Exercise requirements:
Your task is to repeat the entries underneath exactly, minus the pictures.

Dataset entries:
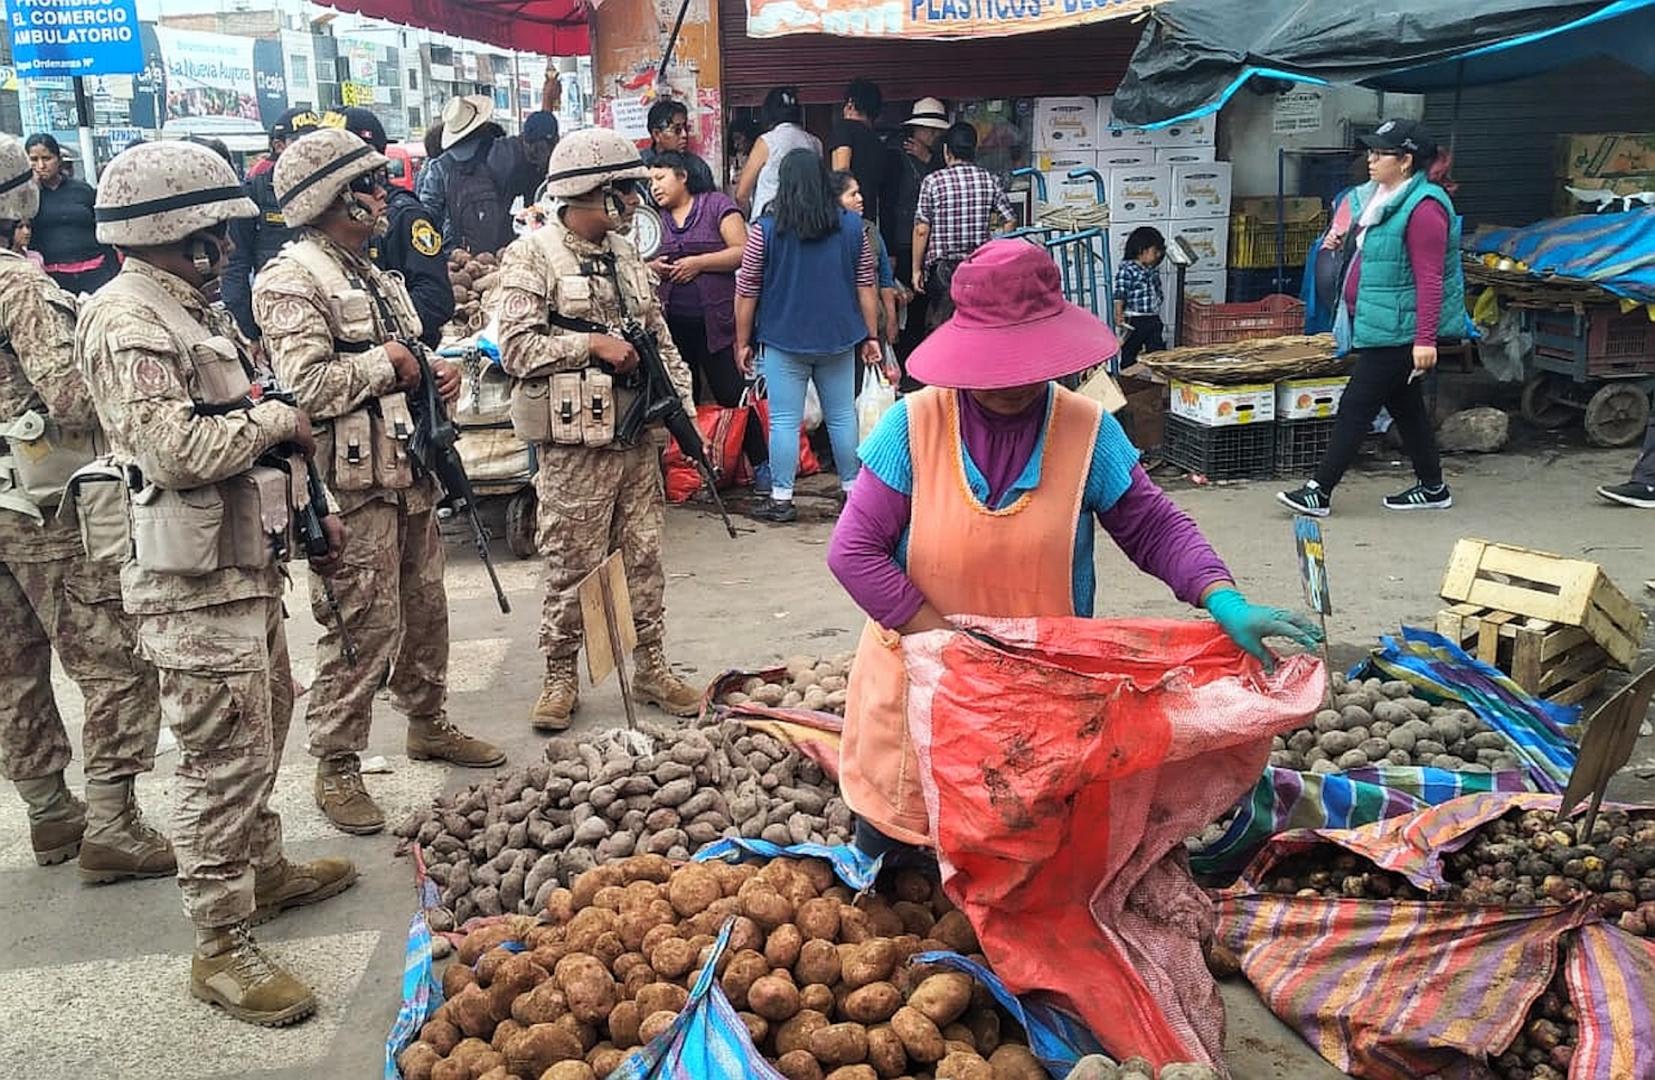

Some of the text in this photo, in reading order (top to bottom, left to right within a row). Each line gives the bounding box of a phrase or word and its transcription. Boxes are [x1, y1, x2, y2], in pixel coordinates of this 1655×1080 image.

[12, 8, 127, 26] EL COMERCIO
[15, 26, 132, 45] AMBULATORIO
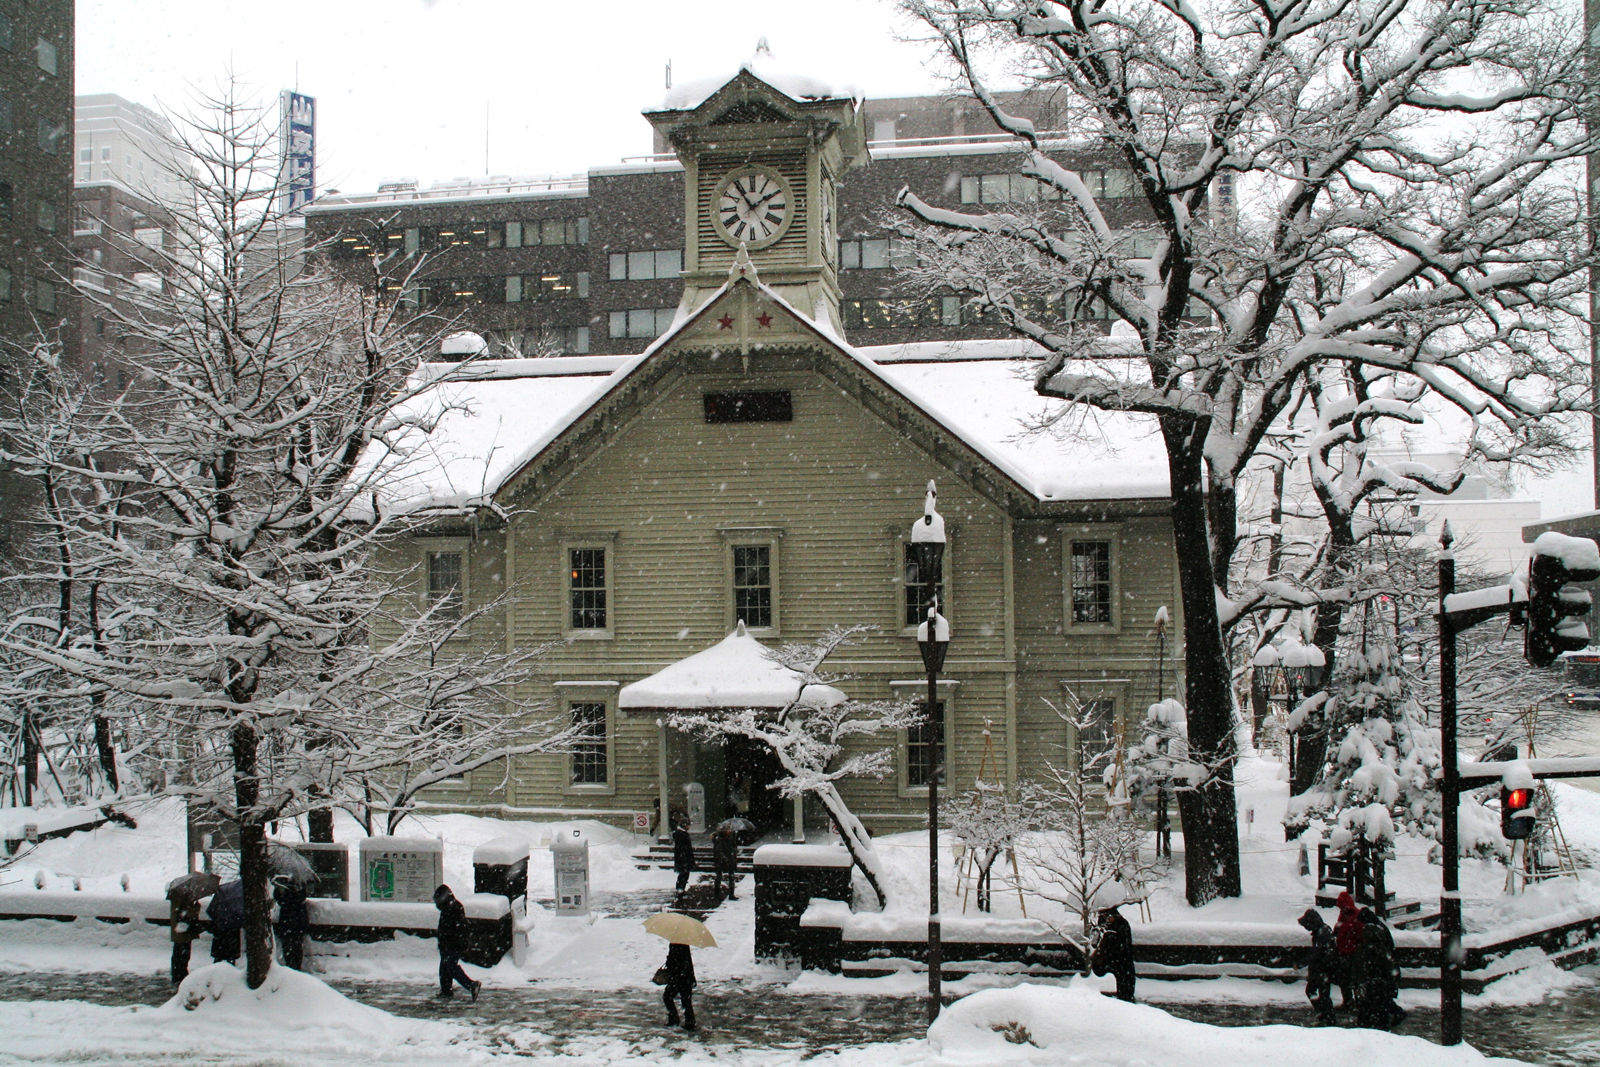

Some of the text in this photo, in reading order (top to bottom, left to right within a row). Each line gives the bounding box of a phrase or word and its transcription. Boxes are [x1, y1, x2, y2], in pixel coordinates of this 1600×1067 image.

[759, 179, 769, 194] I
[723, 191, 740, 203] X
[760, 221, 772, 237] V
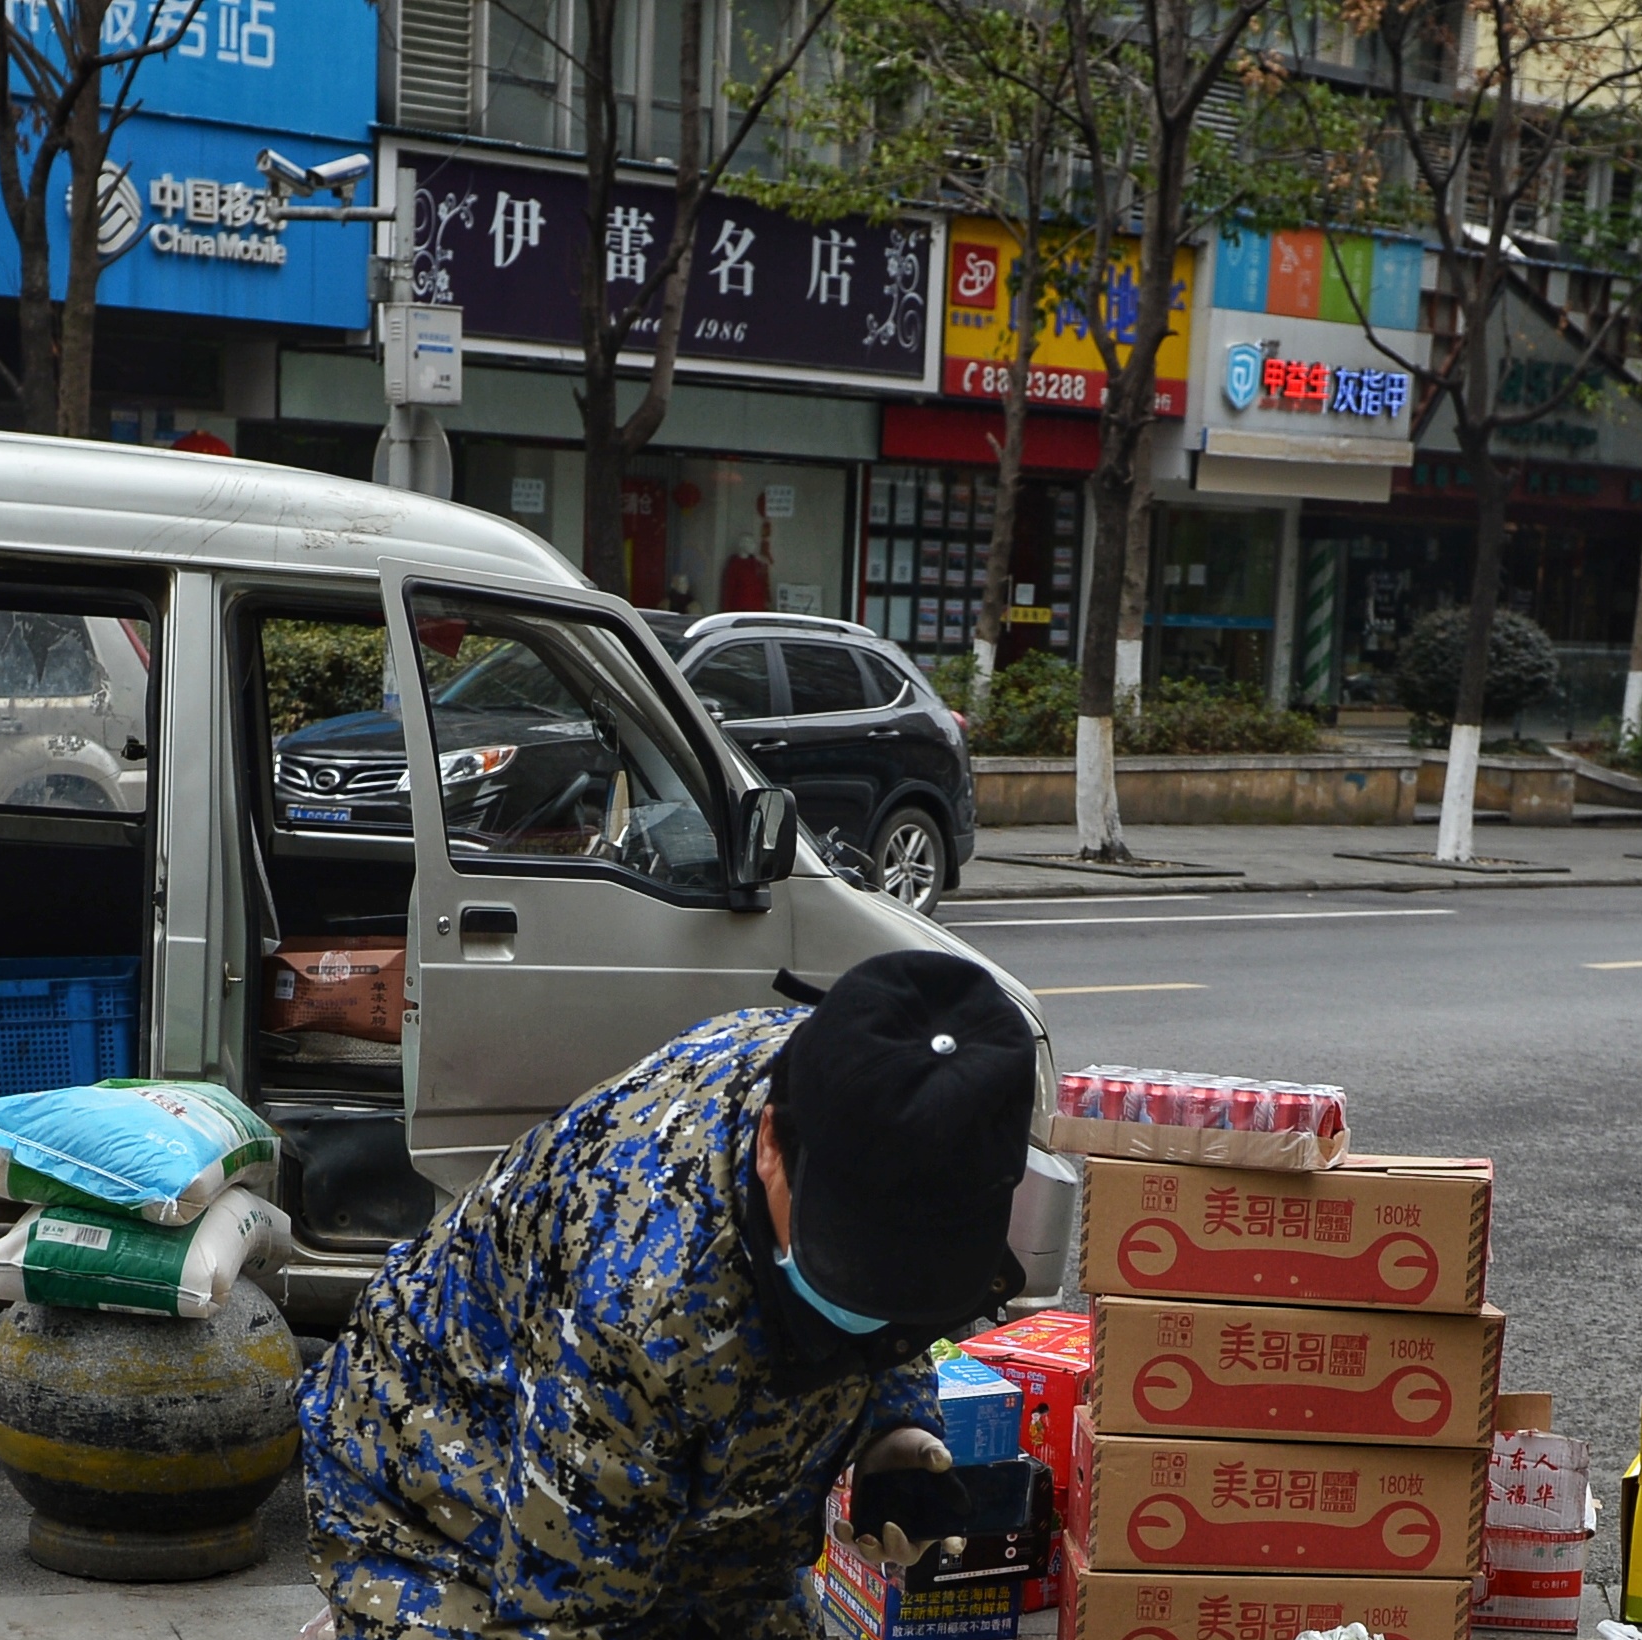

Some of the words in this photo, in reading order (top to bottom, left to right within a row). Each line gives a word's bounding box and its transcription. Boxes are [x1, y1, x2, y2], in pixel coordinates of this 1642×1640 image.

Answer section:
Some of the text in this photo, in reading order (top to bottom, left to right within a row). Each line gives the bounding box of a phrase or word and its transcription. Boxes are [x1, y1, x2, y2], in pixel coordinates of this 1655×1080 image.

[12, 8, 127, 26] EL COMERCIO
[15, 26, 132, 45] AMBULATORIO

Some of the text in this photo, in reading order (top to bottom, left to right within a row). Each line gives the bounding box of a phrase or word and its transcription. Boxes are [x1, y1, x2, y2], in pixel coordinates of this 1600×1067 image.

[759, 179, 769, 194] I
[723, 191, 740, 203] X
[760, 221, 772, 237] V

Some of the words in this photo, in reading order (top to bottom, left to right within a row). Each line gives a word's bounding box and its transcription. Boxes are [x1, y1, x2, y2], in pixel coordinates of this 1642×1640 image.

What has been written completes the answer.